Above all, In the Heart of the Sea is a book about the power of autonomy, money and place, the place being Nantucket, that peculiar island of whaling Quakers. In its day Nantucket was haughty, closed, isolate, powerful, tribal. The island's whalers and their salty ambitions, their fishy knowledge, their hard exclusiveness, painted its men in heroic stance. Nantucketers stuck to one another (". . . ties of kinship and religion stitching them together . . ."), and Philbrick points out that after thousands of miles of screaming gales, foundering boats, starvation, thirst, death, murder, and cannibalism, "Only Nantucketers . . . emerged from Pollard's and Chase's whaleboats alive."

The Nantucket of 1820 in Philbrick's pages comes across as a strange and somewhat sinister place, characterised by familiarity with death, clannishness, class divisions, stored anger, sharp business practices, and oppression. The sea-girt whaling culture selected out particular, innate human qualities and fostered them.

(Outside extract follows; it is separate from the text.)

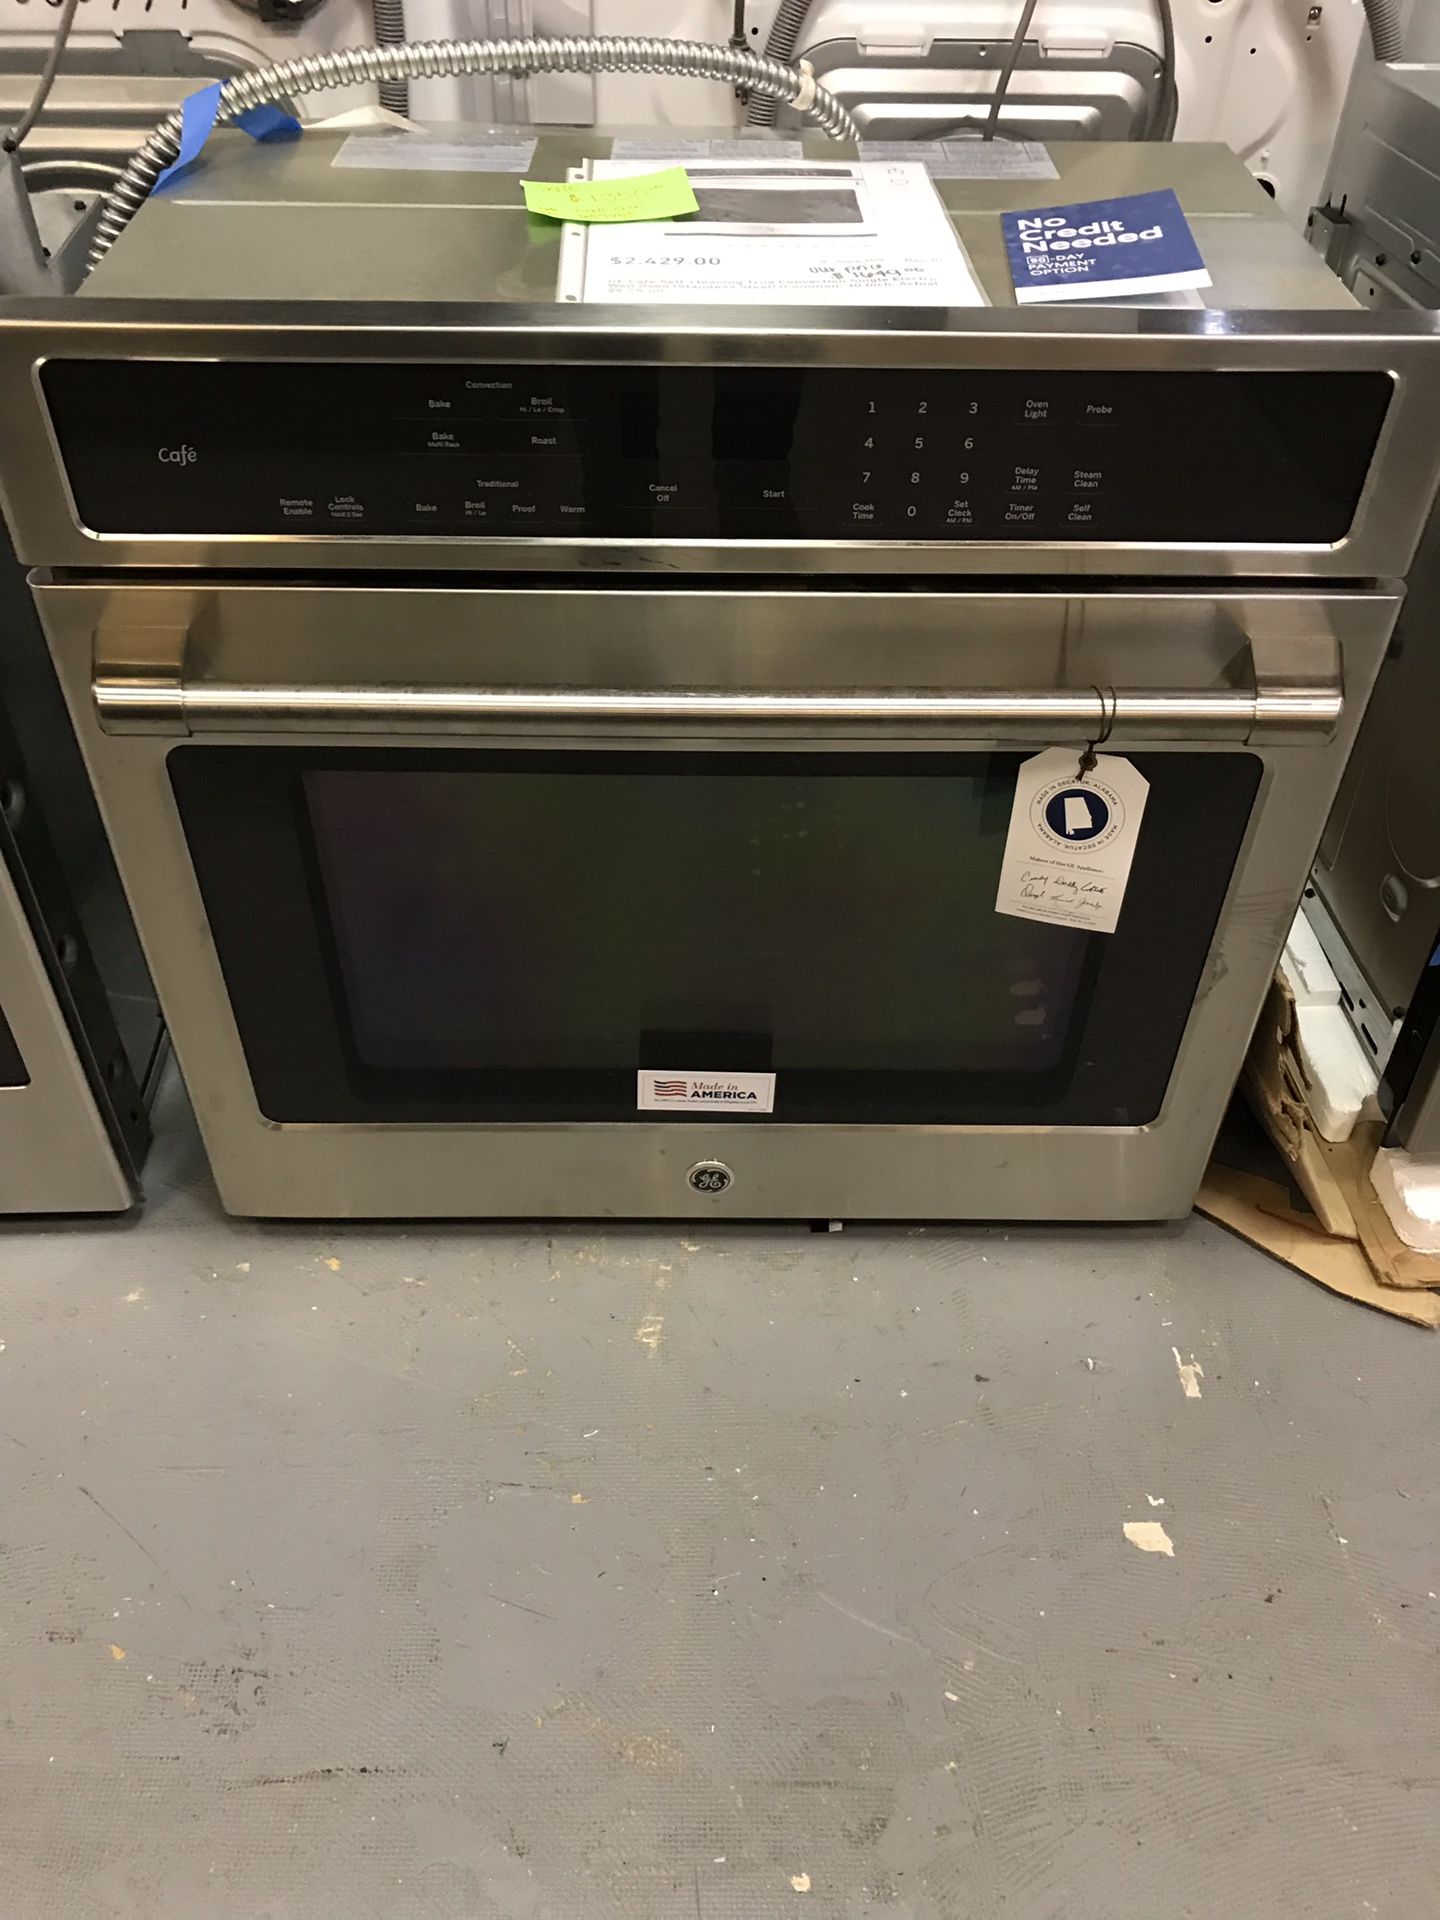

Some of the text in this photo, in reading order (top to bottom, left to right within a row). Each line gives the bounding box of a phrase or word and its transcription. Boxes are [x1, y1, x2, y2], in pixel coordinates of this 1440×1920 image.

It is possible to see in Philbrick's delineation of Nantucket ways an emerging coalescence of capitalist ethos, free will and expansionist exploitation increasingly indifferent to the idea of alliance with the natural world.

Early on, In the Heart of the Sea gives the reader a dark little Nantucket verse that sticks in the mind long after the book is closed:

Death to the living,

Long life to the killers,

Success to sailors' wives

And greasy luck to whalers.

Annie Proulx lives and writes in Wyoming. She is the author of five works of fiction including The Shipping News. Her latest book is Close Range Wyoming Stories.